Rosie herself, looks amazing. She is wearing a navy chiffon baby doll dress with satin black pumps. Which George insisted he put on her feet for her.

The floating art and the art on the walls is all digital – the paintings are painted onto pixels. There isn’t a frame or a square of canvas around and everything is rather futuristic by my standards. Though I am contemplating what futuristic even means anymore, because, despite it all being so alien and new to me, it feels so normal. It feels so normal to travel in gliding trams to art parties where electronic paintings float beside people hovering about, holding flutes of wine that was put together, particle by particle, atom by atom.

What is not normal however is who next taps me on the shoulder. I turn around to find myself looking right at Duke – homosexual photographer Duke who snapped Rosie nude a few times in our youth.

“Baxter! Buddy! How are you? What has it been? Twenty years?” He squishes me so tightly I can’t breathe. His Viktor & Rolf cologne is intoxicating.

“Duke! Duke! Oh my God man. Twenty years. Fuck. How are you? I’m well man, I’m well.” I say.

“Duke!” Rosie flings her arms around him, her wine swishing sideways in her glass, threatening to splash free from its glass prison.

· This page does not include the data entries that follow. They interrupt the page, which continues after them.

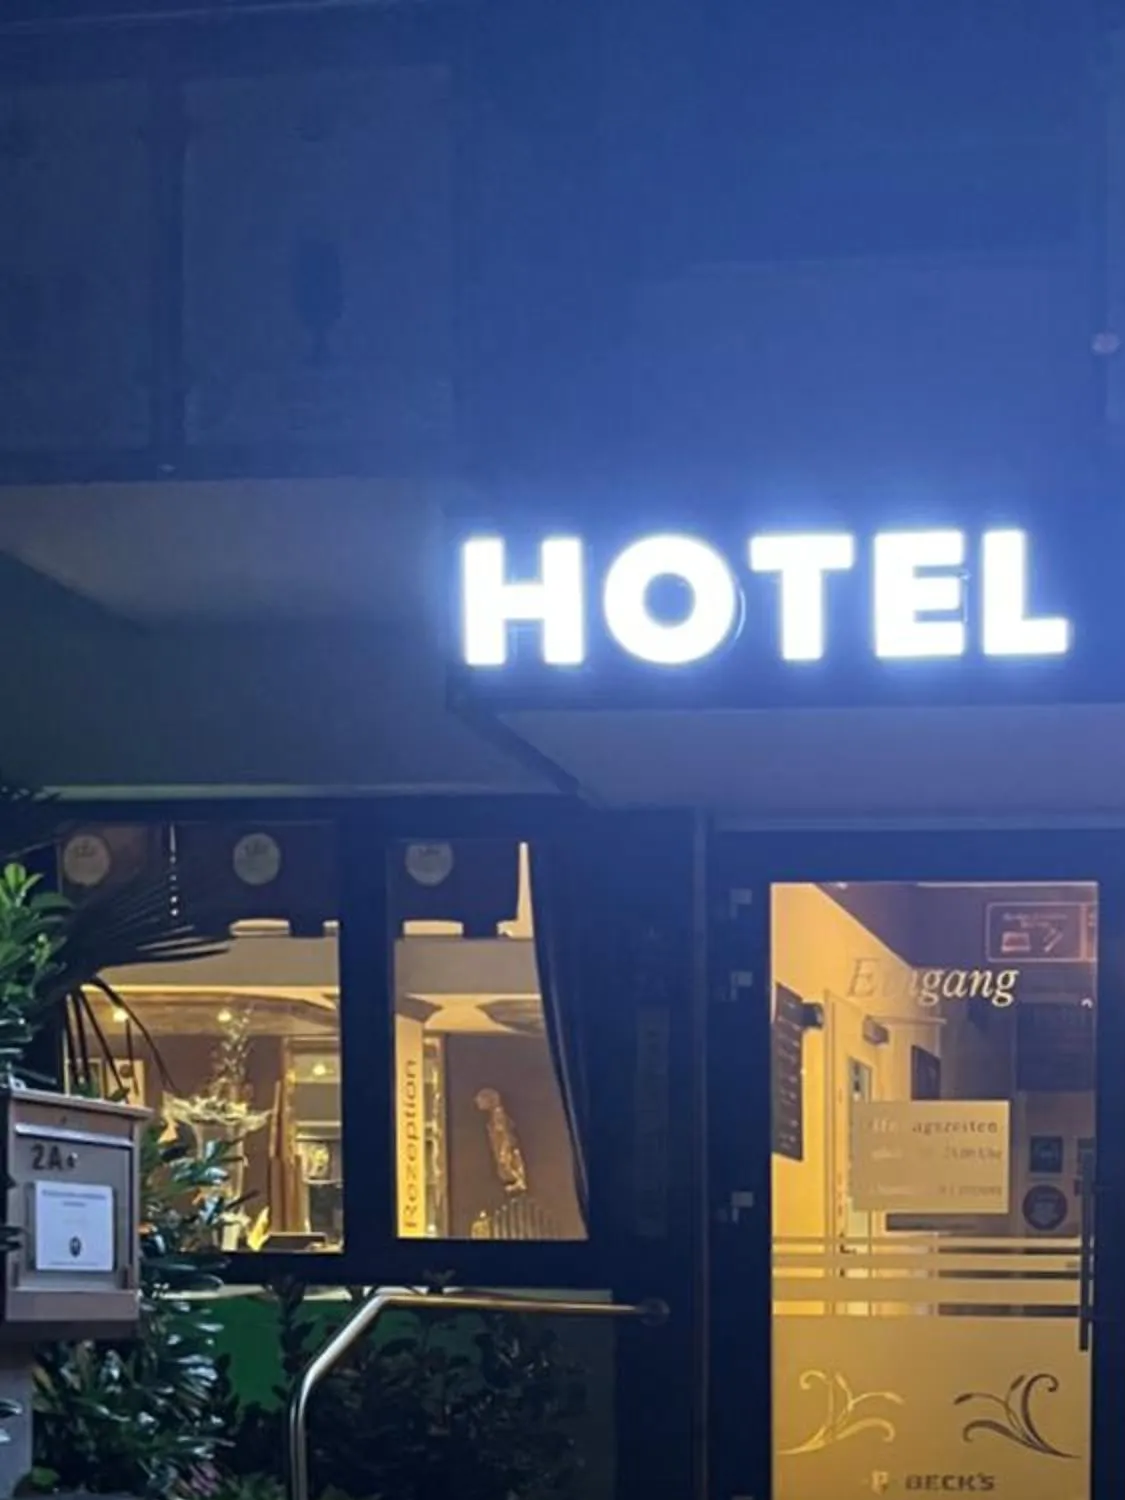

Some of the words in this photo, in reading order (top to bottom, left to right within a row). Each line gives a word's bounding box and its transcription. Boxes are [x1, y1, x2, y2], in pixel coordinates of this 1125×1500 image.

[464, 530, 1067, 665] HOTEL
[847, 957, 1019, 1007] Engang
[402, 1059, 419, 1229] Rezeption
[904, 1472, 997, 1491] BECK'S
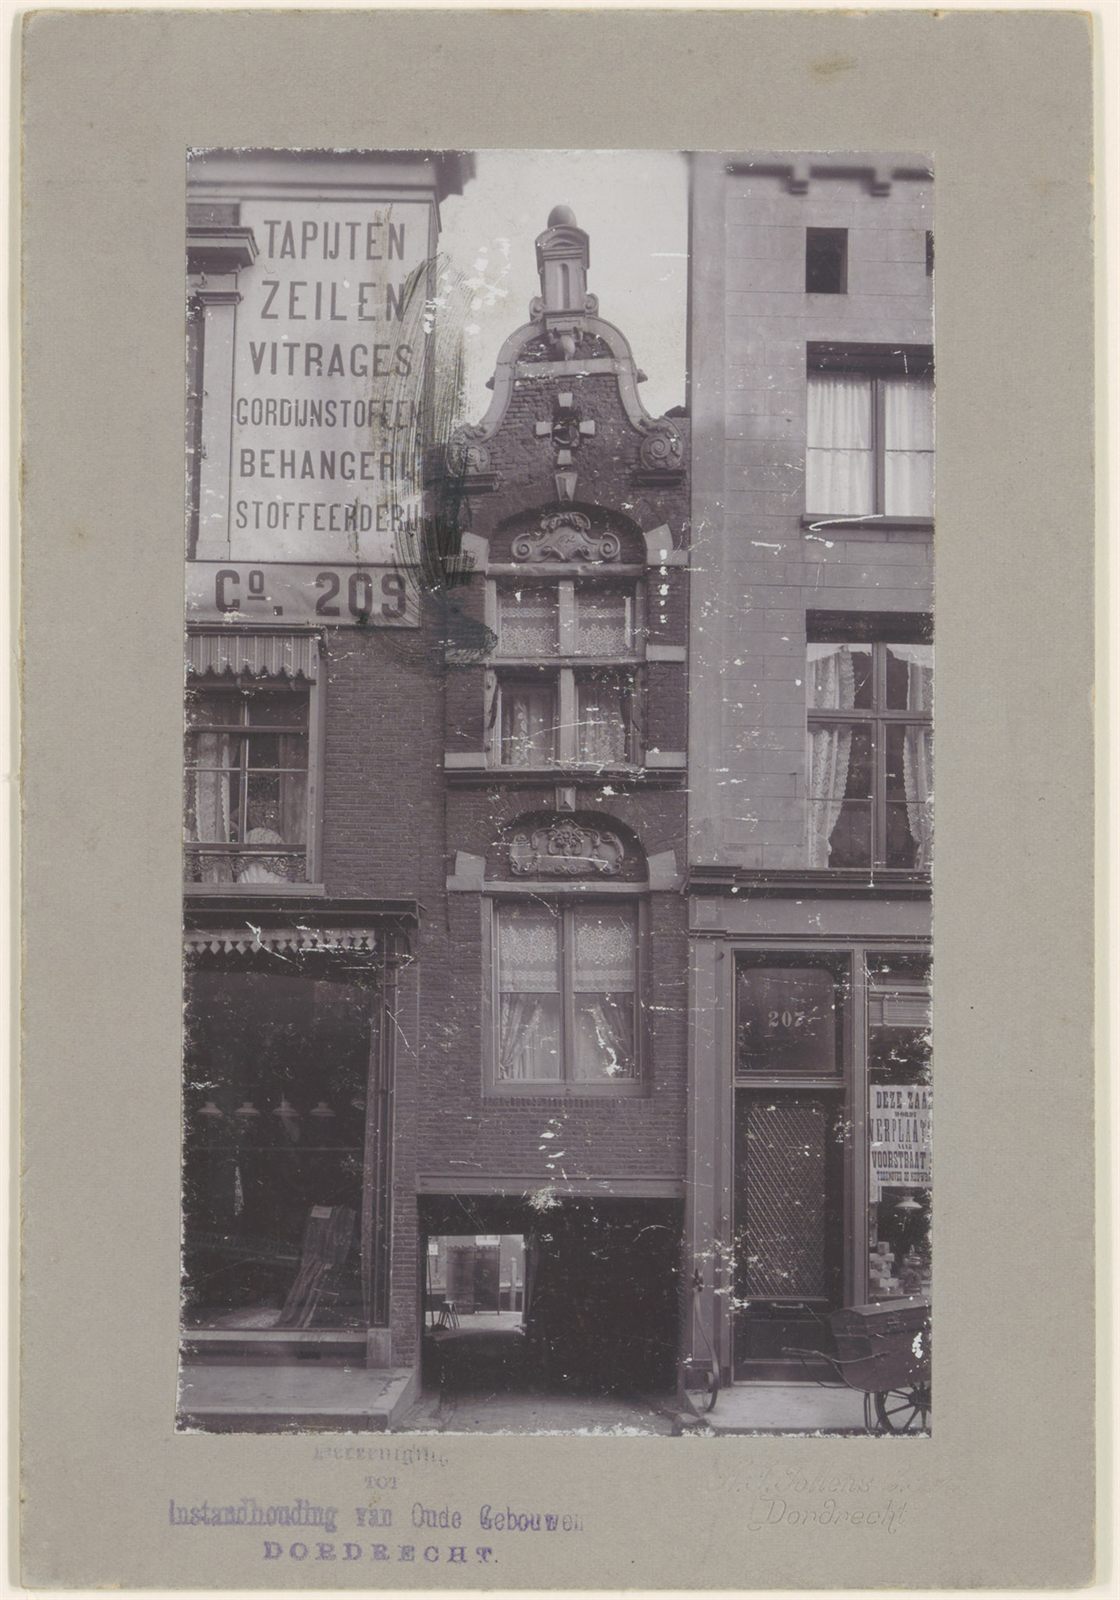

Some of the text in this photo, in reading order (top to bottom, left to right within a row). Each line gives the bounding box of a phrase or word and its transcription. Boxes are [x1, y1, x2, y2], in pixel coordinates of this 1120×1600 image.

[263, 220, 405, 261] TAPIJTEN
[260, 279, 405, 322] ZEILEN
[249, 341, 413, 378] VITRAGES
[236, 501, 418, 533] STOFFEERDERIJ
[315, 571, 407, 618] 209
[876, 1091, 903, 1109] DEZE
[871, 1151, 927, 1169] VOORSTRAAT
[169, 1498, 338, 1533] Instandhouding
[411, 1502, 462, 1530] Oude

Duke’s hair is as slicked as it ever was, an accentuated parting on a severe angle across his crown.

“Guys. You’re married! I’m married too. Don’t know where my husband is though. Probably off somewhere flirting with a girl. It’s so great you’re still together. Are you both painting?”

“I haven’t painted in years man.” I say.

“Neither have I.” Rosie says. We are totally lying.

“I’m here. Floating around somewhere. Chloe. You remember Chloe don’t you? She was my muse for this season.” Duke gushes, the “I’m here” referring to his work, and the model in his work, a girl Rosie and I knew in our youth.

“Darling, this is Rosie and Baxter Breckeridge. Friends of mine from my uni days. Darlings, this is Volt Spoon, my husband, and the owner of this gallery. Isn’t he handsome?” His much younger husband more like. Spoon. Spoon. Fucking Spoon. I wonder if he is related to Mr Spoon. Rosie looks at me, thinking the same thing.

“Hello Volt. How are you? You wouldn’t happen to have an uncle or a father or a grandfather who is a scientist, would you?” I say, nonchalantly.

“I do. As a matter of fact. My grandfather is a scientist. An important one, if you know what I mean.” He winks. Oh. Oh. Oh. They are related.

“I know exactly what you mean.” I say.